**Your goal**
Could the records be returned exactly, with the pictures left out?

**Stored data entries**

----

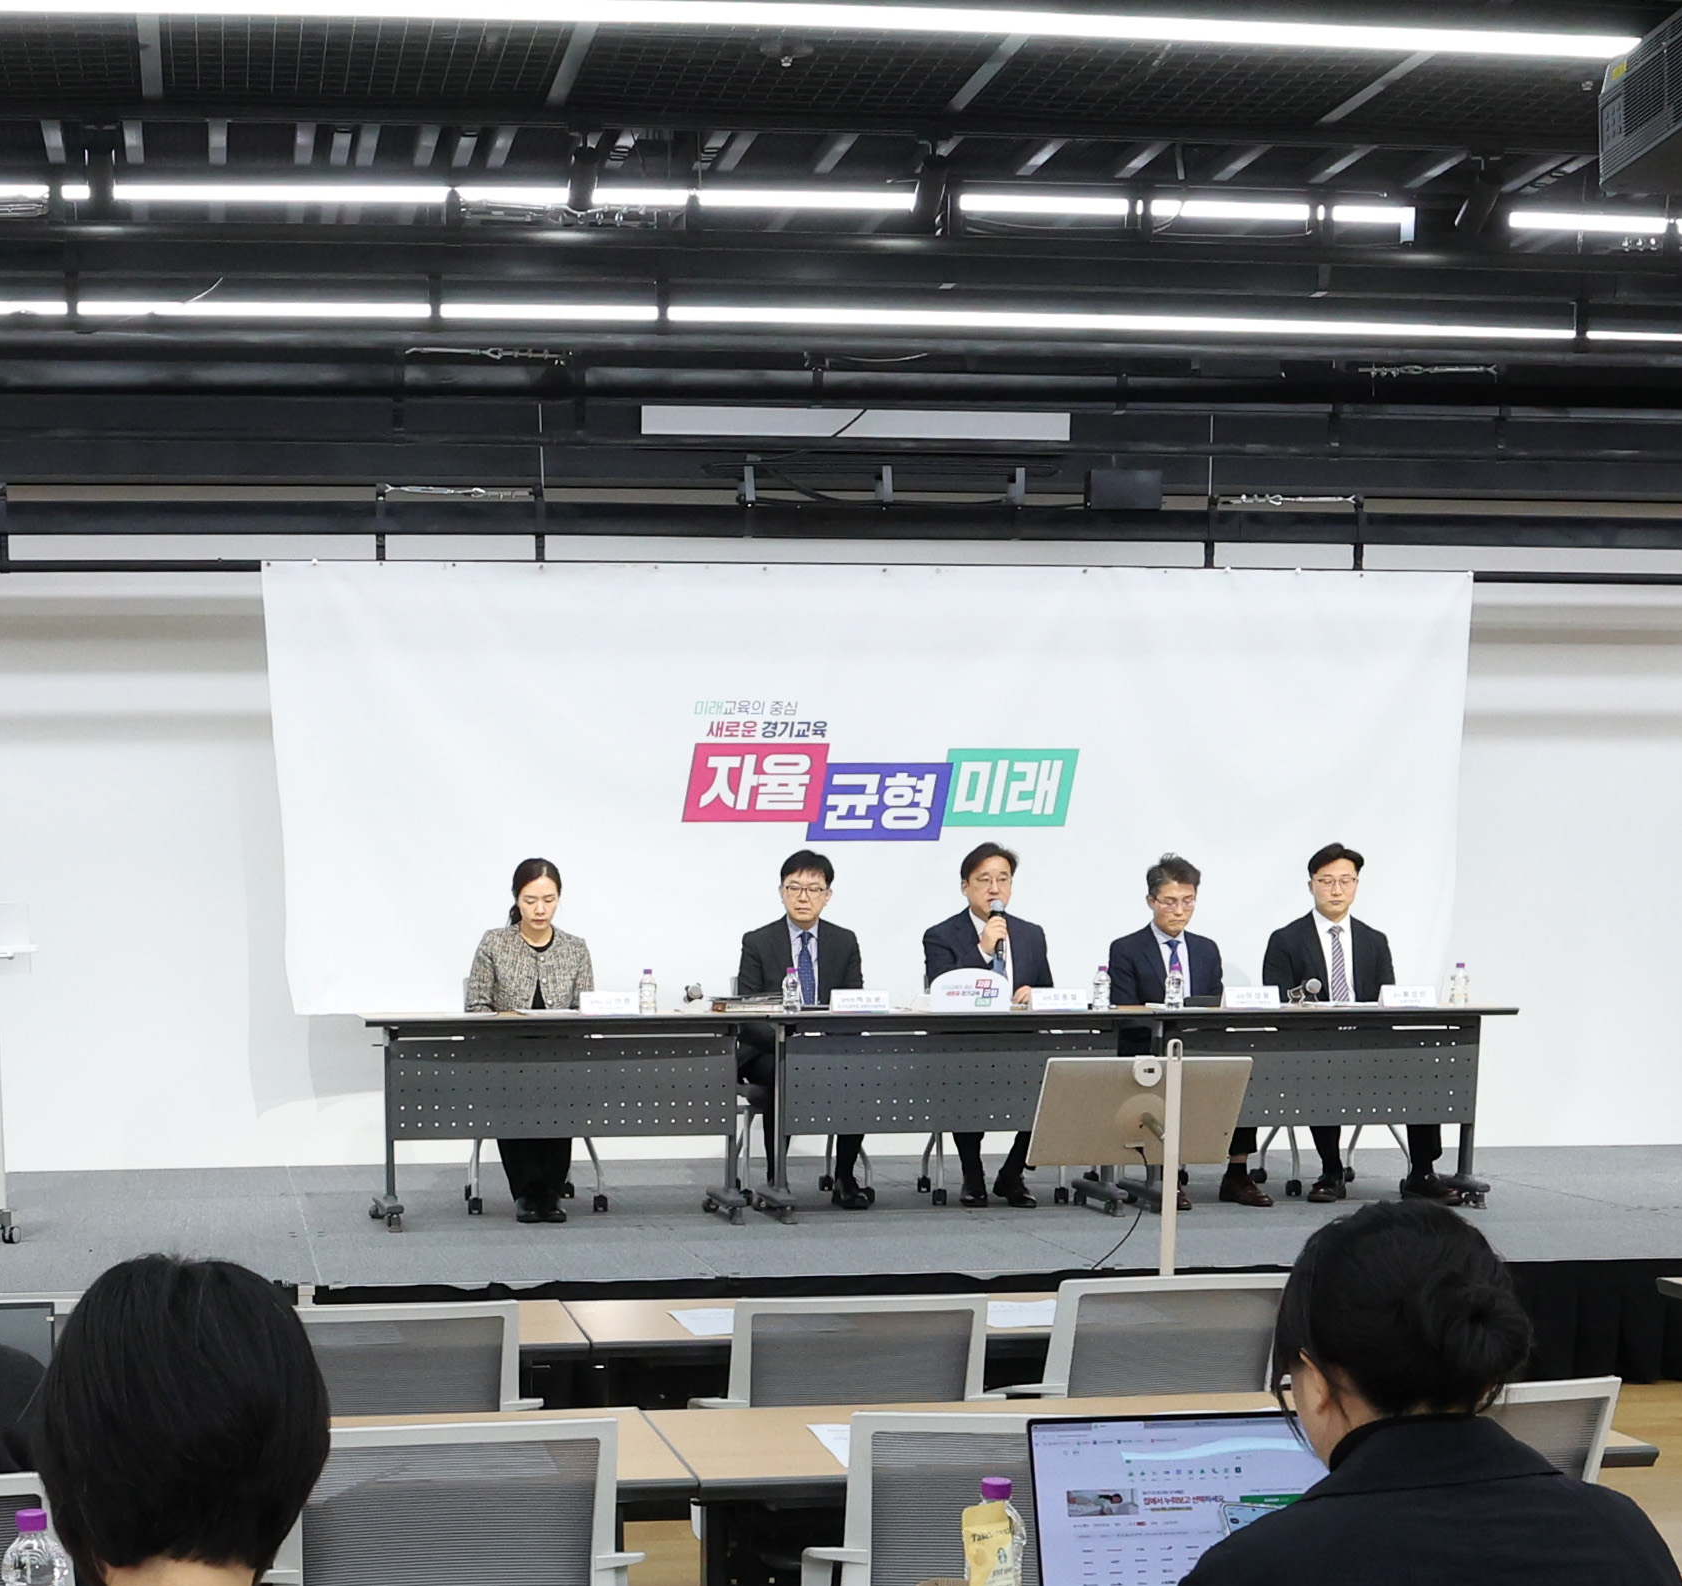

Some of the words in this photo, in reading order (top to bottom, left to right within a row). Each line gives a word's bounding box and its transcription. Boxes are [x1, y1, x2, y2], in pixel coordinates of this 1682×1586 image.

[693, 699, 765, 717] 미래교육의
[769, 699, 798, 716] 중심
[706, 720, 758, 739] 새로운
[761, 720, 828, 739] 경기교육
[698, 753, 814, 811] 자율
[823, 772, 937, 831] 균형
[953, 758, 1064, 816] 미래

----

**Task response**
Some of the words in this photo, in reading order (top to bottom, left to right within a row). Each line gives a word's bounding box and its transcription. Boxes are [x1, y1, x2, y2], in pixel coordinates of this 1682×1586 image.

[693, 699, 765, 717] 미래교육의
[769, 699, 798, 716] 중심
[706, 720, 758, 739] 새로운
[761, 720, 828, 739] 경기교육
[698, 753, 814, 811] 자율
[823, 772, 937, 831] 균형
[953, 758, 1064, 816] 미래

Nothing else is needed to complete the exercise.